Google's TPU taking on Intel and NVIDIA for Neural Networking's future

Google is seeking a new way to make neural networking work efficiently – starting with the TPU. The TPU is a Tensor Processing Unit – to be compared to Intel's CPU or NVIDIA's GPU, made for processing data. Google's news here is their first-ever study published on how well their TPU works – compared, appropriately enough, to Intel's CPU and NVIDIA's GPU whilst neural networking.

A neural network is a computer system with functionality based on that of the human brain and nervous system. Neural networking is meant to allow computers to think and reason, and ultimately solve problems in ways that've only before been possible with the human brain. Google uses neural networks for a wide variety of applications.
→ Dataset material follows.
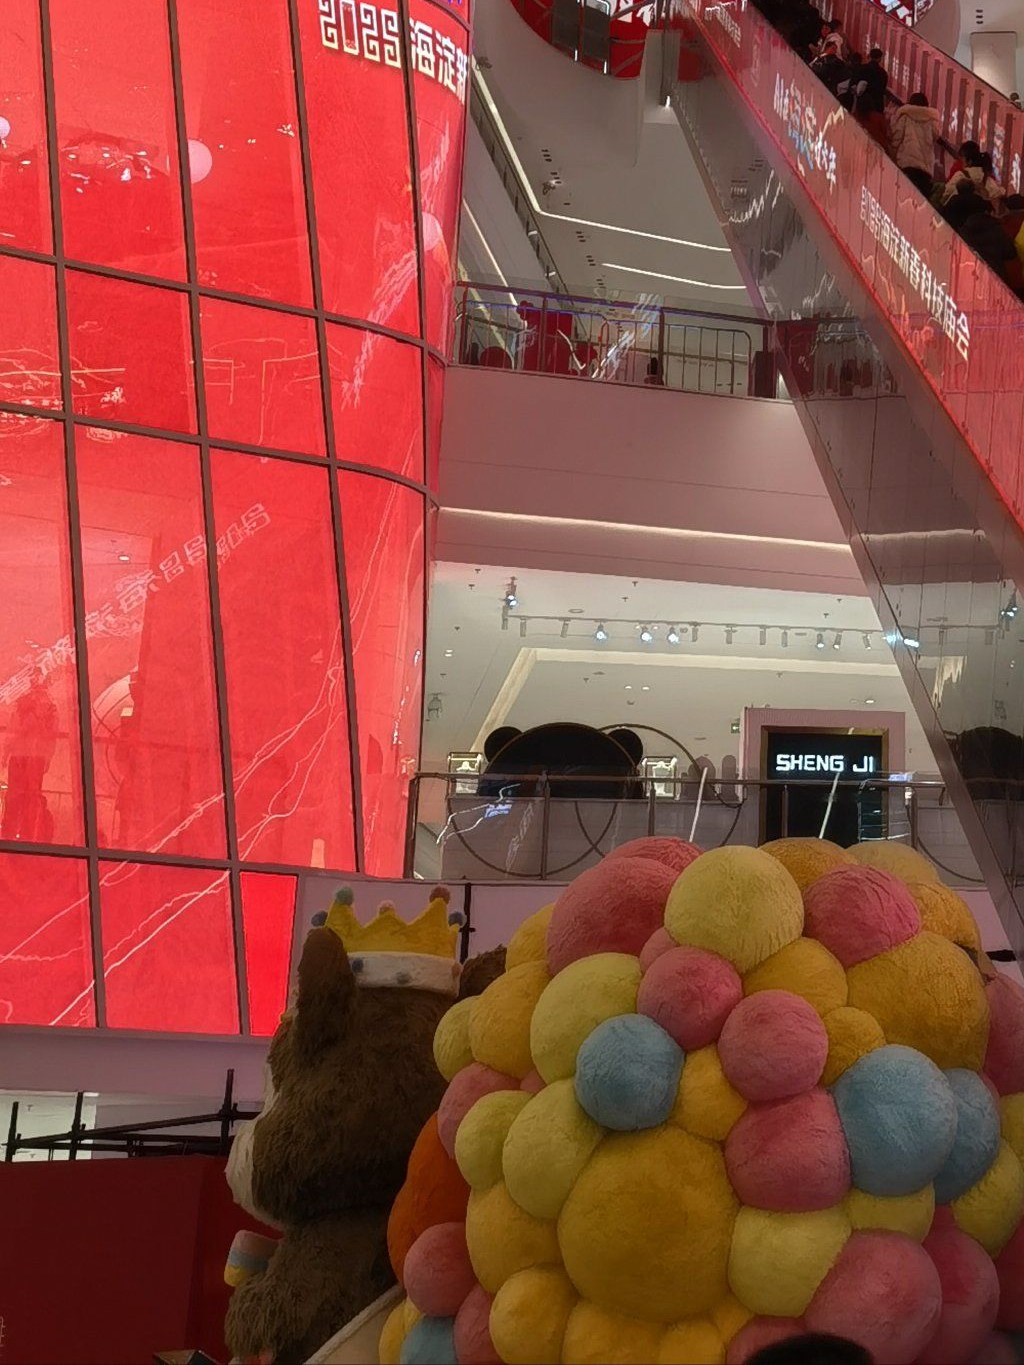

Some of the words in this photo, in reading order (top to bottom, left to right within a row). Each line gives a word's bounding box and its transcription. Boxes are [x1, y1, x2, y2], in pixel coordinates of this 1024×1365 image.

[860, 185, 971, 361] 2025海淀新春科技庙会
[775, 753, 845, 772] SHENG
[852, 755, 874, 773] JI
Saying "OK Google" followed by a question or request utilizes Google's neural network computing technology. Google uses neural networking for machine learning as well – each time the computer solves a problem, it gets smarter. Each time the user confirms that the computer has solved a problem correctly, the computer gets more capable of finding answers that are correct. This is called Deep Learning.

To solve the problem of increasing demand for neural networking capacity, Google worked on their own Tensor Processing Unit (TPU). Google's TPU is processing hardware – an application-specific integrated circuit (ASIC). Google's goal (starting in the year 2013), was to improve cost-performance for neural networking (in this case Deep Neural Networking) by 10x over GPUs. This is according to Google's paper "In-Datacenter Performance Analysis of a Tensor Processing Unit".
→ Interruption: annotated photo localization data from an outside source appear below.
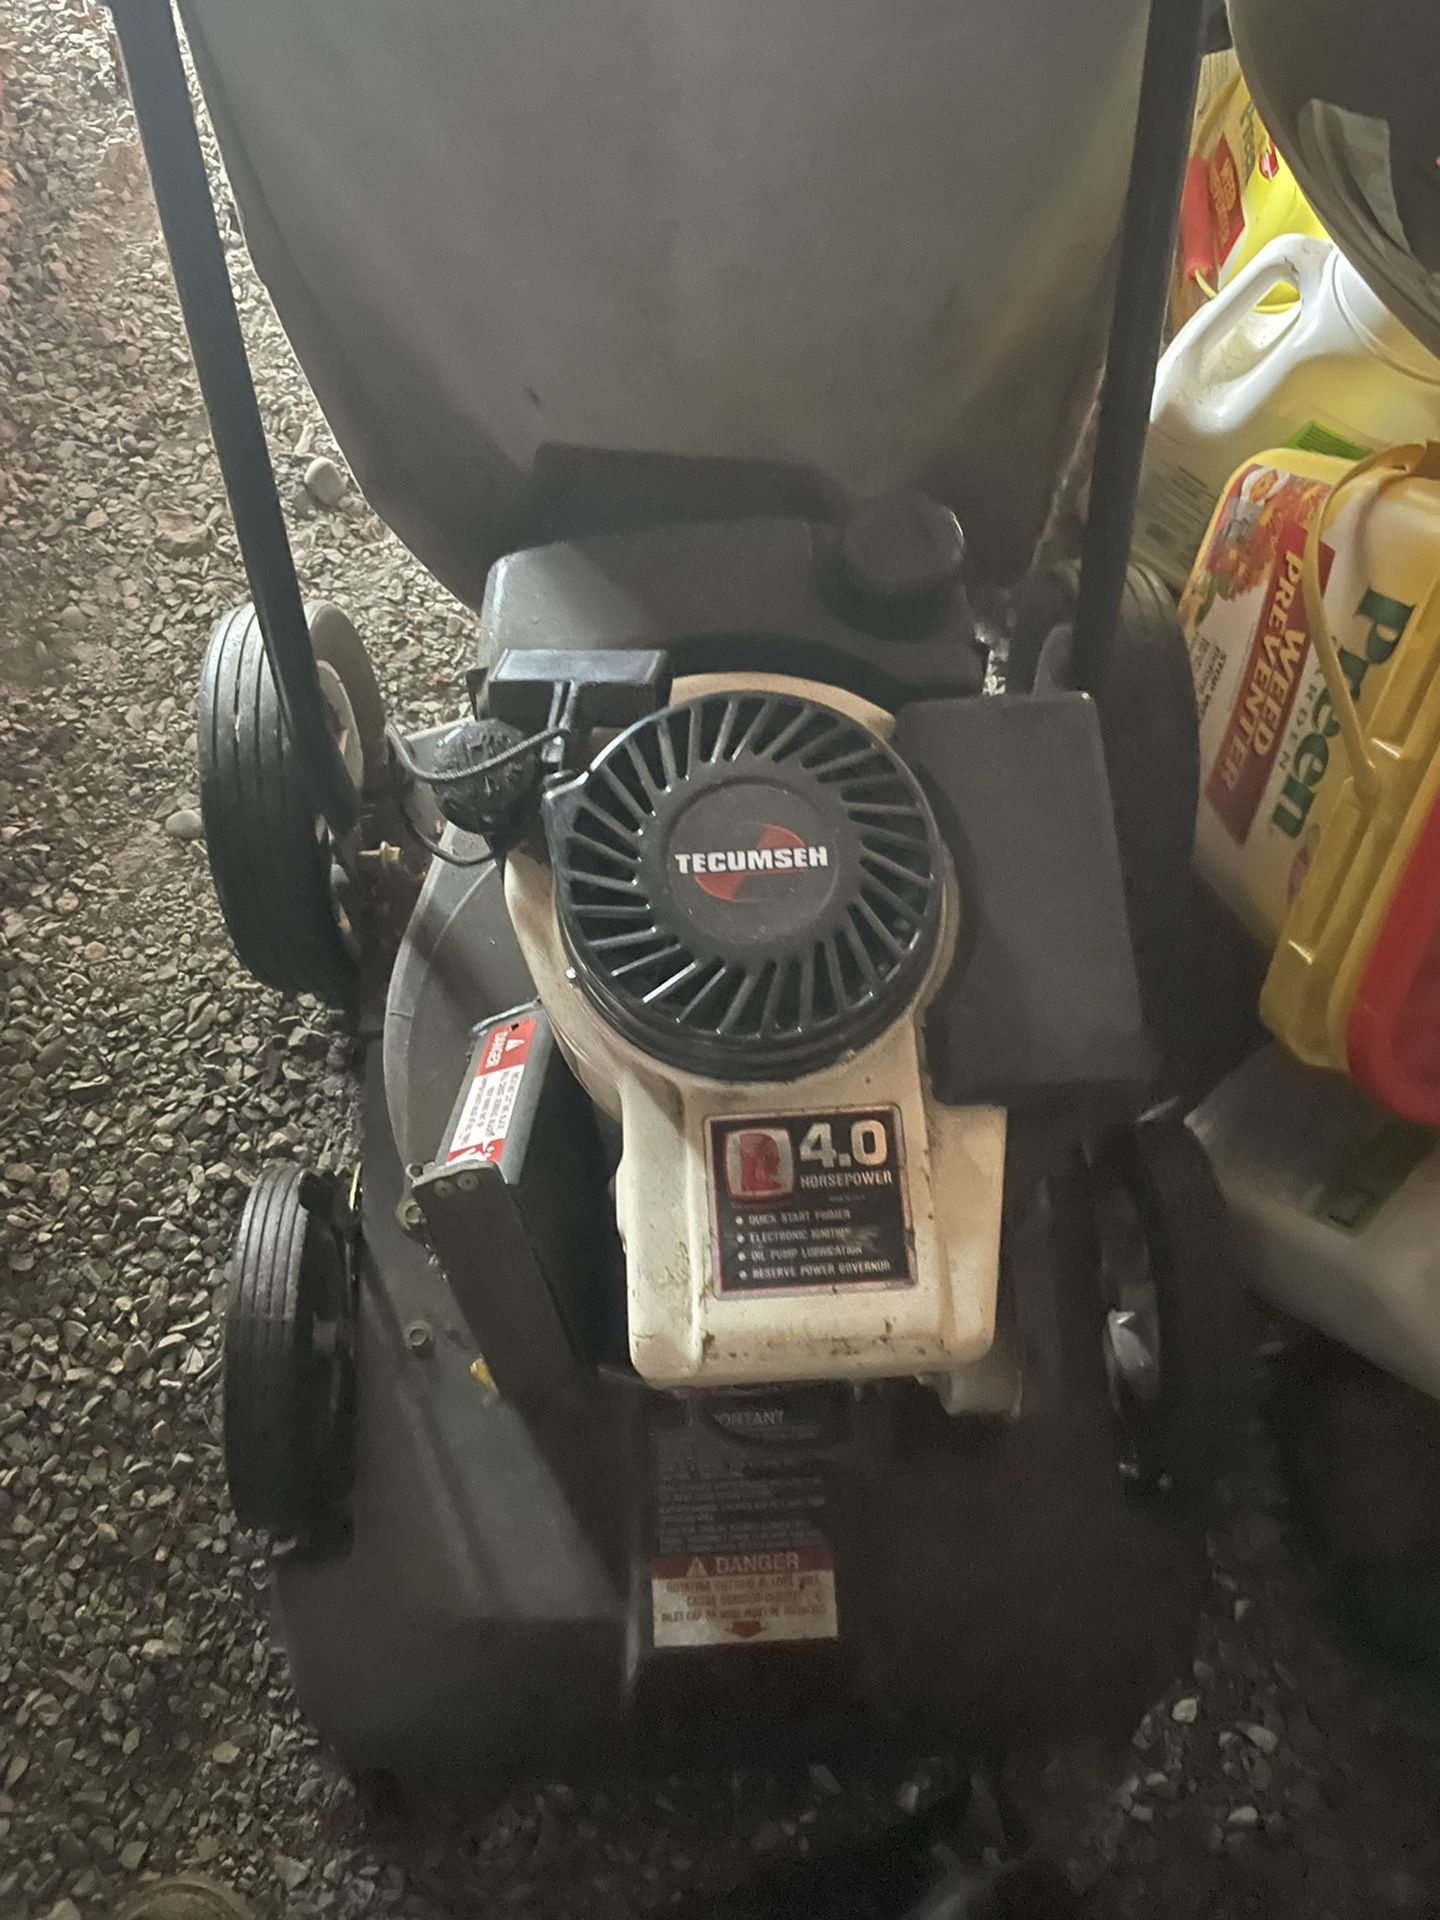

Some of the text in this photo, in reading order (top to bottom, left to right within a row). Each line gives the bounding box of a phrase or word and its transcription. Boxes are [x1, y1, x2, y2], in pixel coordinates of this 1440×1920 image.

[1253, 628, 1306, 756] WEED
[675, 846, 828, 874] TECUMSEH
[800, 1119, 888, 1168] 4.0
[801, 1170, 893, 1189] HORSEPOWER
[770, 1247, 798, 1261] PUMP
[752, 1258, 891, 1280] RESERVE POWER GOVERNOR
[715, 1552, 800, 1574] DANGER
Google's TPU plugs into existing servers like a GPU does using the PCIe I/O bus. Google's TPU is a coprocessor, one that is not tightly integrated with a CPU. Google's development team says that because the host server sends instructions to the TPU rather than the TPU fetching them itself, the TPU is "closer in spirit to an FPU (floating-point unit) coprocessor than it is to a GPU."

Speaking with NextPlatform, Google hardware engineer Norman Jouppi suggested that Google looked at field-programmable gate arrays (FPGAs) before they decided on ASIC units. While FPGAs are easy to modify, they do not perform as well as ASICs. Google's TPU seems to be the best of both worlds. "The TPU is programmable like a CPU or GPU," said Jouppi. "It isn't designed for just one neural network model; it executes CISC instructions on many networks (convolutional, LSTM models, and large, fully connected models). So it is still programmable, but uses a matrix as a primitive instead of a vector or scalar."
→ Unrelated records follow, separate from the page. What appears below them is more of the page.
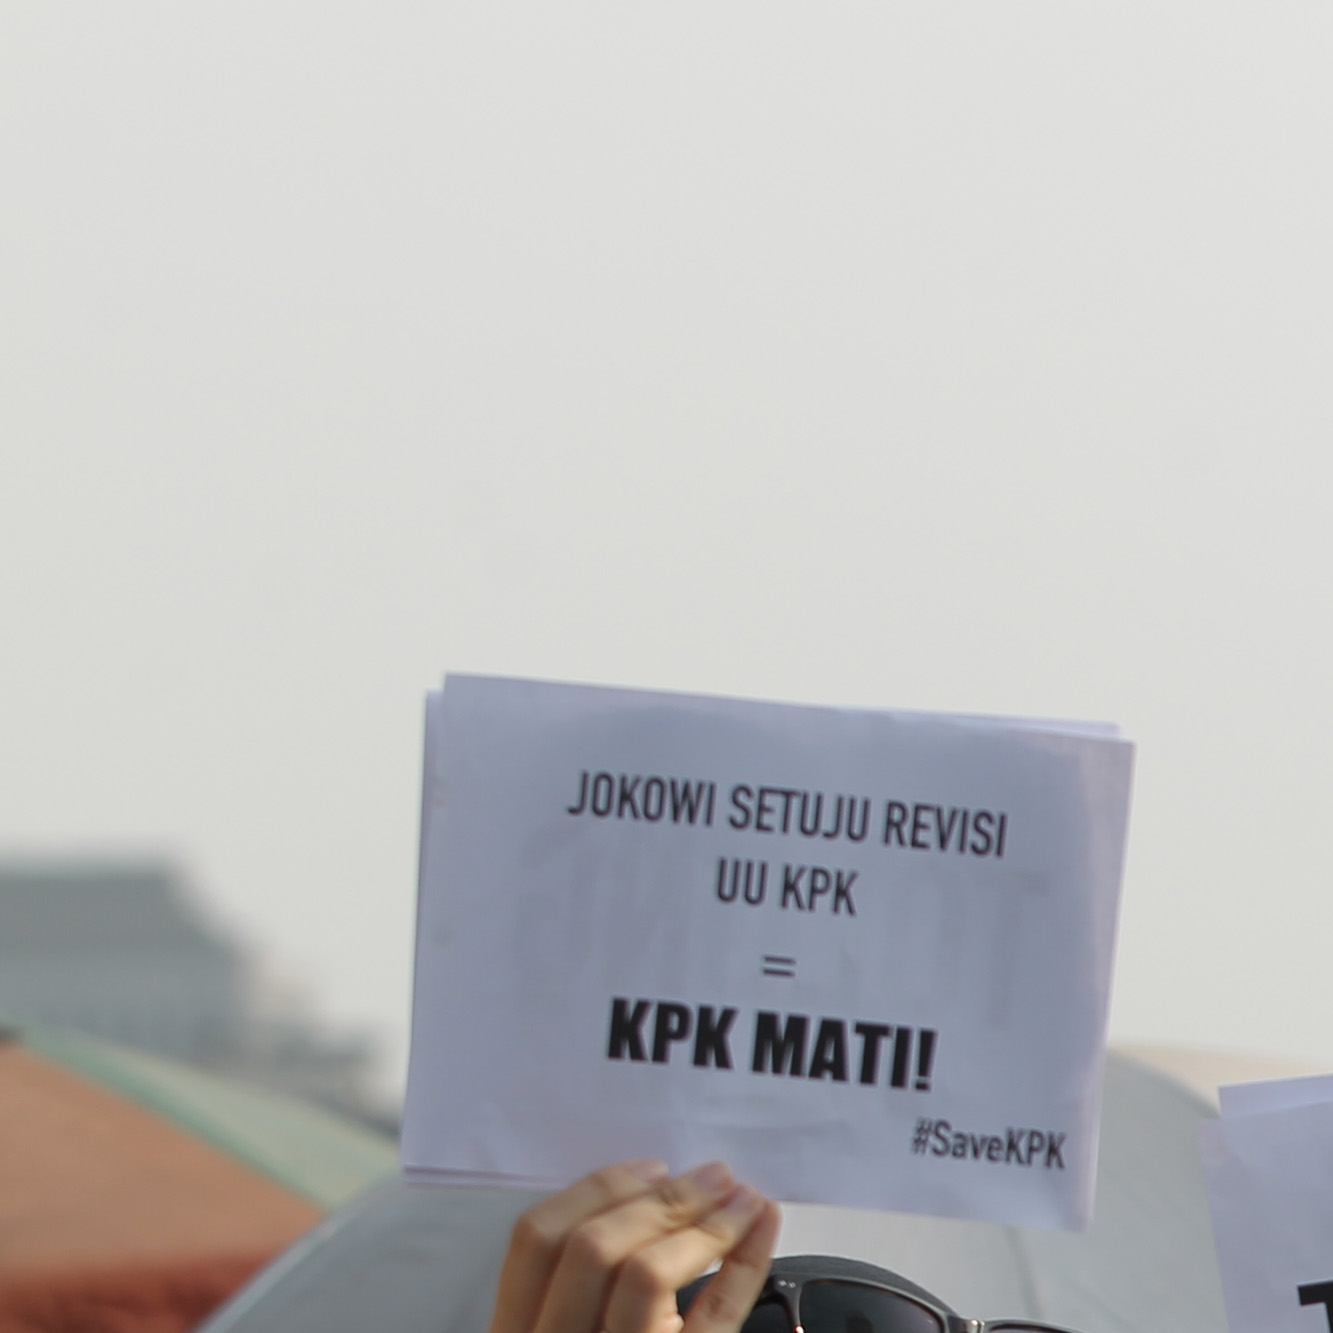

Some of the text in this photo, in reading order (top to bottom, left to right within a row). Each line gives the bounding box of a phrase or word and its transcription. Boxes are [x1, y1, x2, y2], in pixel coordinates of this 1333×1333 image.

[567, 771, 1007, 858] JOKOWI SETUJU REVISI
[716, 857, 858, 916] UU KPK
[762, 955, 796, 978] =
[606, 997, 938, 1093] KPK MATI!
[911, 1119, 1067, 1171] #SaveKPK
Google's choices in hardware were done not to create the most efficient or powerful TPU possible. Instead, Google's choices in hardware were to allow deployment at a massive scale. "It needs to be distributed—if you do a voice search on your phone in Singapore, it needs to happen in that datacenter—we need something cheap and low power," said Jouppi. "Going to something like HBM (High Bandwidth Memory) for an inference chip might be a little extreme, but is a different story for training."

From the paper linked above, Google's benchmarks show that Google's TPU solution far outperformed comparable Intel Haswell CPU architecture with less power. Their tests showed their TPU process 92 TOPS (71x more throughput than Intel's CPU on inferences) in a 384 watt thermal envelope for the server while busy. The Intel Haswell CPU processed 2.6 TOPS with a thermal envelope of 455 watts while busy.

This is where Google's entry into this neural networking processing hardware universe begins. Google's TPU will be seeing a lot more play – and publicity – over the next several years if their efficiency continues to take on the top guns as it has in this first benchmarking study.